Cinema

Il re dei mille e più trailer che attirava gli spettatori col suo "prossimamente"

Nella biografia di Miro Grisanti settant'anni di storia del nostro cinema, tra fantasia e genio

Il re dei mille e più trailer che attirava gli spettatori col suo "prossimamente"

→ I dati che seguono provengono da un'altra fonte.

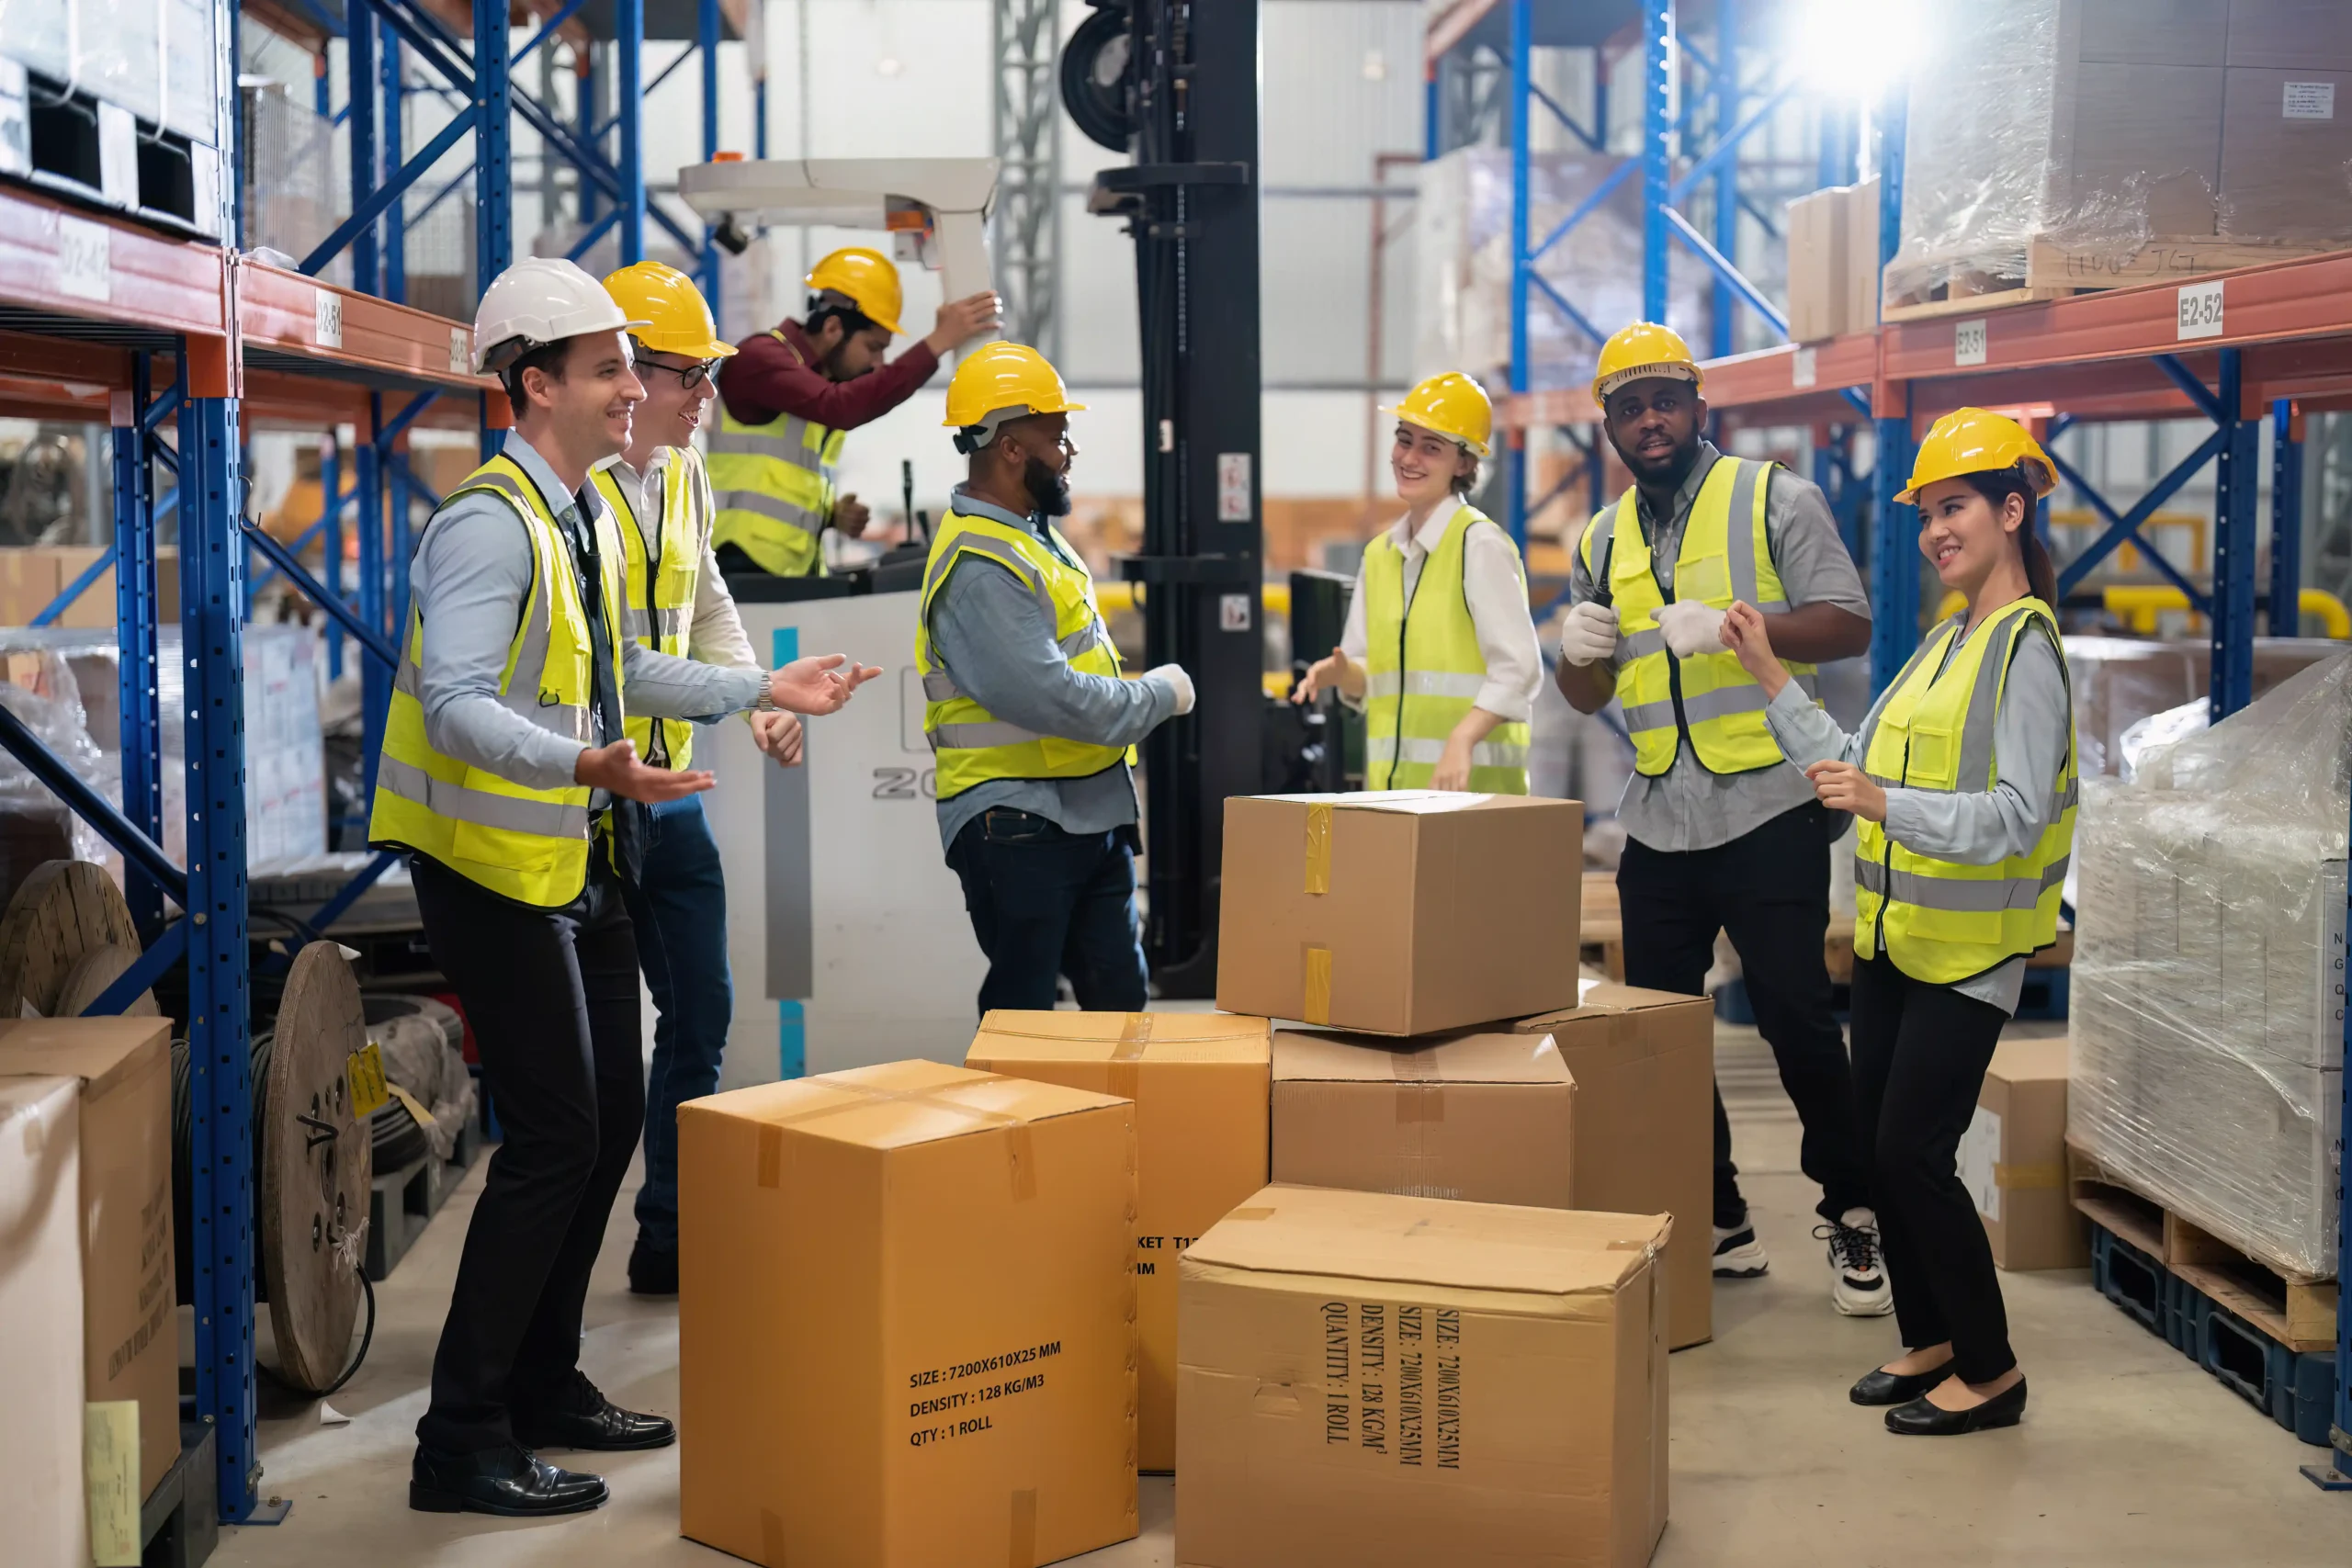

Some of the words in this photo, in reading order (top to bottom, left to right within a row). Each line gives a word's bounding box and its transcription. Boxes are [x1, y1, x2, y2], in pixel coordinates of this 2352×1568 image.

[2179, 292, 2223, 328] E2-52
[1958, 328, 1984, 355] E2-51
[1319, 1302, 1350, 1388] QUANTITY:
[1398, 1305, 1422, 1347] SIZE:
[1436, 1308, 1460, 1350] SIZE:
[949, 1347, 1036, 1381] 7200X610X25
[1038, 1340, 1062, 1359] MM
[978, 1384, 1001, 1402] 128
[1003, 1373, 1046, 1396] KG/M3
[1328, 1392, 1350, 1400] 1
[1362, 1382, 1384, 1404] 128
[948, 1425, 956, 1438] 1
[958, 1416, 993, 1436] ROLL
[1326, 1403, 1350, 1445] ROLL
[1399, 1352, 1423, 1467] 7200X610X25MM
[1437, 1355, 1461, 1470] 7200X610X25MM
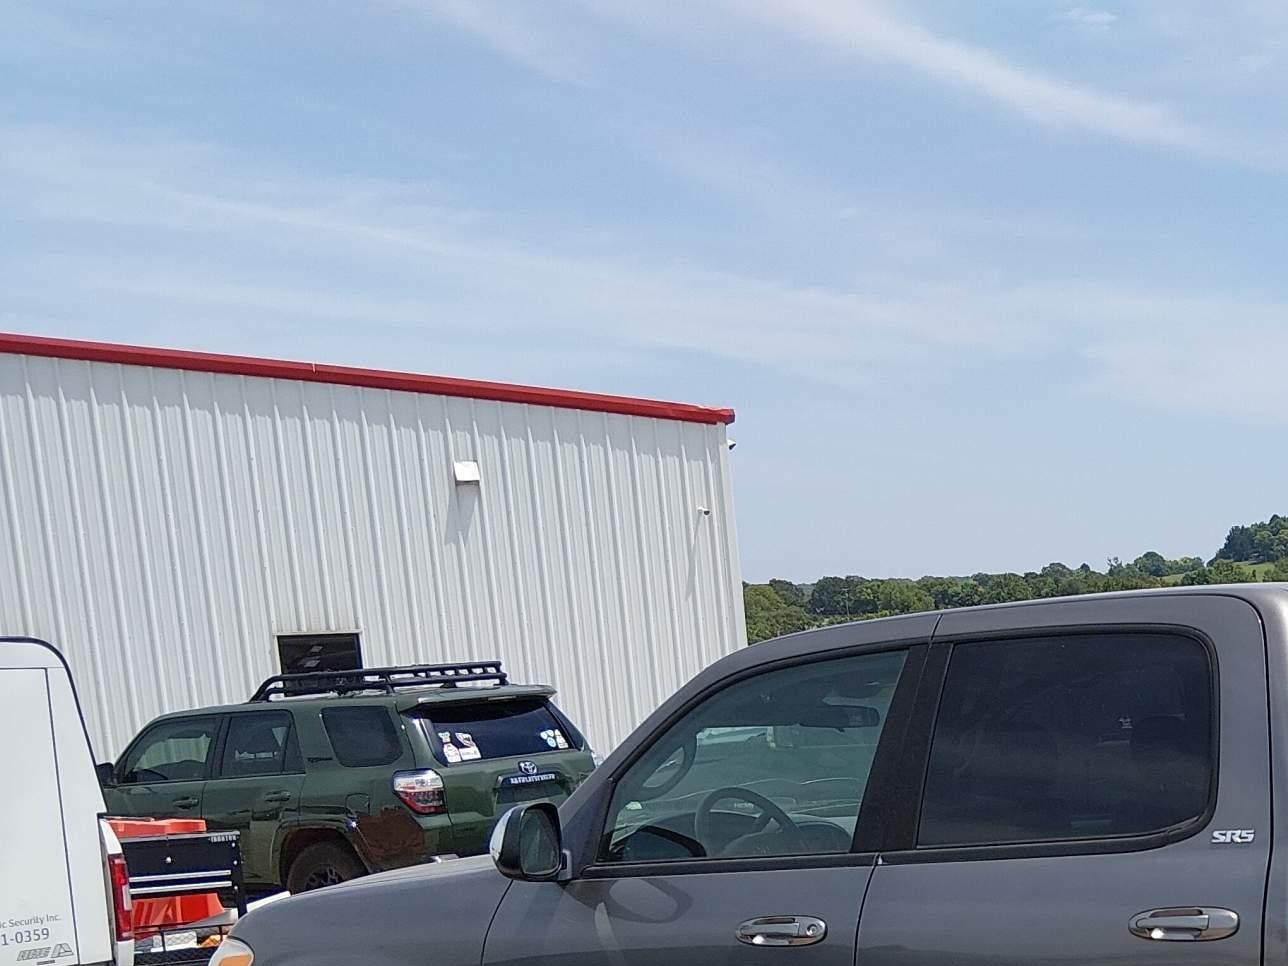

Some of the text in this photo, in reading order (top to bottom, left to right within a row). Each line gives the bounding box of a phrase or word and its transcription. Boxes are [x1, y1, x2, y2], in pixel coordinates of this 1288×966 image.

[1211, 829, 1255, 843] SR5
[8, 915, 44, 928] Security
[1, 927, 50, 946] 1-0359
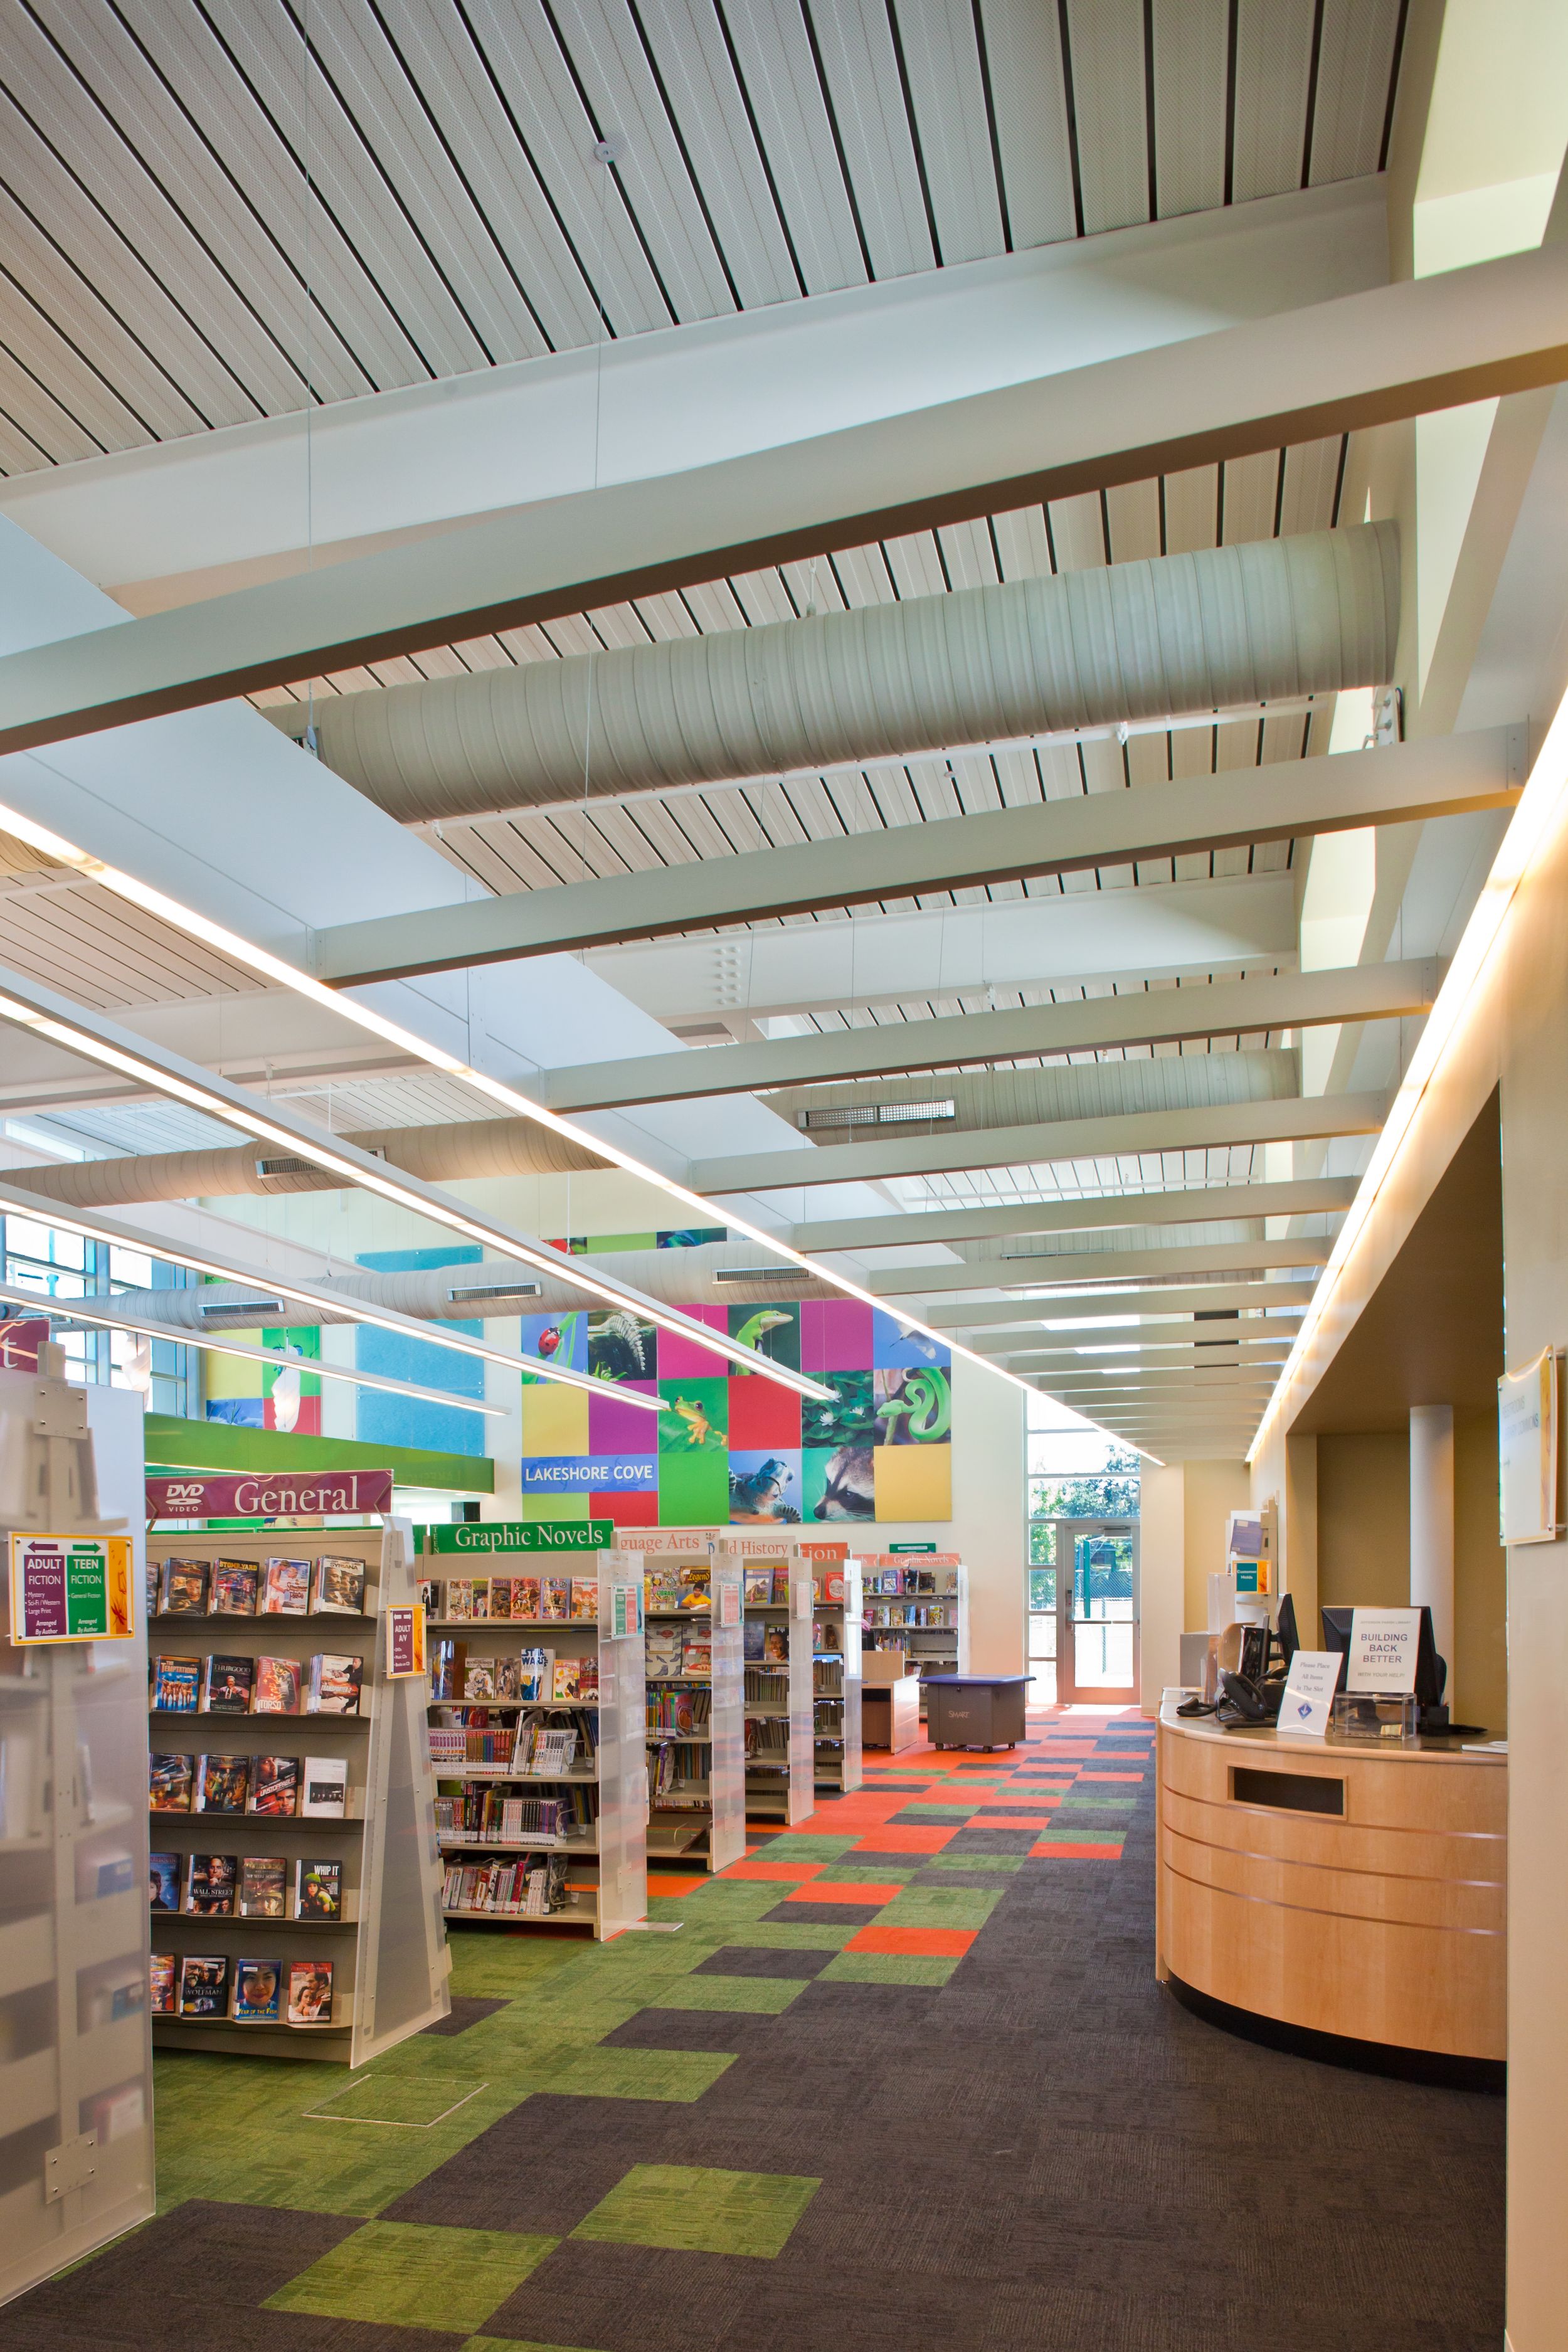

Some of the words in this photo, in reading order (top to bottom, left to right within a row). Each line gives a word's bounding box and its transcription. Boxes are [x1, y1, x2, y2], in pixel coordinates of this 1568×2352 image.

Pasolini, Bava, De Laurentiis, Ferreri, Visconti, Festa Campanile, Argento, Nichetti, Manfredi, Pozzetto, Nuti, Benigni, Vanzina, Troisi, Bud Spencer e Terence Hill, Bertolucci, Avati, Fellini, Germi, Monicelli, Verdone, Scola, Parenti, Castellano e Pipolo. E l'elenco è ancora più lungo, quasi infinito. Praticamente, buona parte della storia del cinema italiano, dal 1966 ad oggi. Il sogno, di tanti addetti ai lavori, è stato quello di poter lavorare con alcuni di questi registi, attori e produttori. Già il riuscire a segnare, in agenda, 6-7 nomi sarebbe stata tanta roba. Eppure, c'è una persona che ha lavorato con tutti loro. E non solo. Che ha creato cinema con loro e al quale molti di loro devono tantissimo. Si chiamava Miro (che era l'abbreviativo di Vladimiro) Grisanti, un nome che, forse, ai più dirà poco. Eppure, chissà quante volte avrete visto una sua opera. Non vi risulta? E se vi dicessimo «Prossimamente al cinema», quanti ricordi vi si sbloccano? Perché Miro Grisanti è stato soprannominato, non a caso, «L'uomo dei mille trailer», anche se, in realtà, nella sua lunghissima carriera, iniziata, appunto, nel 1966 e durata per tutta la vita, ne ha realizzati 1.200 circa, uno più, uno meno.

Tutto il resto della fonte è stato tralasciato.